(Free-text object descriptions)
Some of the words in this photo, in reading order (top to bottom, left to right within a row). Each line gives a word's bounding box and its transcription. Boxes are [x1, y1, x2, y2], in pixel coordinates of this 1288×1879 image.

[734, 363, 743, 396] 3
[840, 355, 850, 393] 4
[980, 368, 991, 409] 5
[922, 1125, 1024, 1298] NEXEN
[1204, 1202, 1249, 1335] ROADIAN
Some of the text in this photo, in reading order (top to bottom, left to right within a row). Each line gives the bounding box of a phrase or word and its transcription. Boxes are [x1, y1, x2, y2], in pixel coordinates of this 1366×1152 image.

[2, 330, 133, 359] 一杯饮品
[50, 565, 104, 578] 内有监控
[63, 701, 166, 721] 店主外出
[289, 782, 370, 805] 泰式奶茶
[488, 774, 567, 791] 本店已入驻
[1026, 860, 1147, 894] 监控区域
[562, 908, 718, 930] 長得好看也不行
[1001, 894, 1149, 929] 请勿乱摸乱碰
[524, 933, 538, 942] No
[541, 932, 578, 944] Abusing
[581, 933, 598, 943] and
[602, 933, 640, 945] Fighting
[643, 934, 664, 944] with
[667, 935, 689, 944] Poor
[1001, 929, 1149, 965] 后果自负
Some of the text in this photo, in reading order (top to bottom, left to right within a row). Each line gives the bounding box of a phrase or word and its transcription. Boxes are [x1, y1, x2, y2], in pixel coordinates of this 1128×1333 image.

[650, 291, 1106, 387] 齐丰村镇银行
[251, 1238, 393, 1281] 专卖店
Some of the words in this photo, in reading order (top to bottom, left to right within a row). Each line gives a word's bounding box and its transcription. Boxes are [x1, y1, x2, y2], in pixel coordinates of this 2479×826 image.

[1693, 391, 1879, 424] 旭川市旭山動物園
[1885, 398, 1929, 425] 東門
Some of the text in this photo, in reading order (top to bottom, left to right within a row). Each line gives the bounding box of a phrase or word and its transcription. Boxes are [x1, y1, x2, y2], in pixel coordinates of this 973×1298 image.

● Activity
Your task is to retype, exactly and only, the lines from the one with "this 1366×1152 image." through the final line above.

● Finished exercise
Some of the text in this photo, in reading order (top to bottom, left to right within a row). Each line gives the bounding box of a phrase or word and its transcription. Boxes are [x1, y1, x2, y2], in pixel coordinates of this 1366×1152 image.

[2, 330, 133, 359] 一杯饮品
[50, 565, 104, 578] 内有监控
[63, 701, 166, 721] 店主外出
[289, 782, 370, 805] 泰式奶茶
[488, 774, 567, 791] 本店已入驻
[1026, 860, 1147, 894] 监控区域
[562, 908, 718, 930] 長得好看也不行
[1001, 894, 1149, 929] 请勿乱摸乱碰
[524, 933, 538, 942] No
[541, 932, 578, 944] Abusing
[581, 933, 598, 943] and
[602, 933, 640, 945] Fighting
[643, 934, 664, 944] with
[667, 935, 689, 944] Poor
[1001, 929, 1149, 965] 后果自负
Some of the text in this photo, in reading order (top to bottom, left to right within a row). Each line gives the bounding box of a phrase or word and its transcription. Boxes are [x1, y1, x2, y2], in pixel coordinates of this 1128×1333 image.

[650, 291, 1106, 387] 齐丰村镇银行
[251, 1238, 393, 1281] 专卖店
Some of the words in this photo, in reading order (top to bottom, left to right within a row). Each line gives a word's bounding box and its transcription. Boxes are [x1, y1, x2, y2], in pixel coordinates of this 2479×826 image.

[1693, 391, 1879, 424] 旭川市旭山動物園
[1885, 398, 1929, 425] 東門
Some of the text in this photo, in reading order (top to bottom, left to right within a row). Each line gives the bounding box of a phrase or word and its transcription. Boxes are [x1, y1, x2, y2], in pixel coordinates of this 973×1298 image.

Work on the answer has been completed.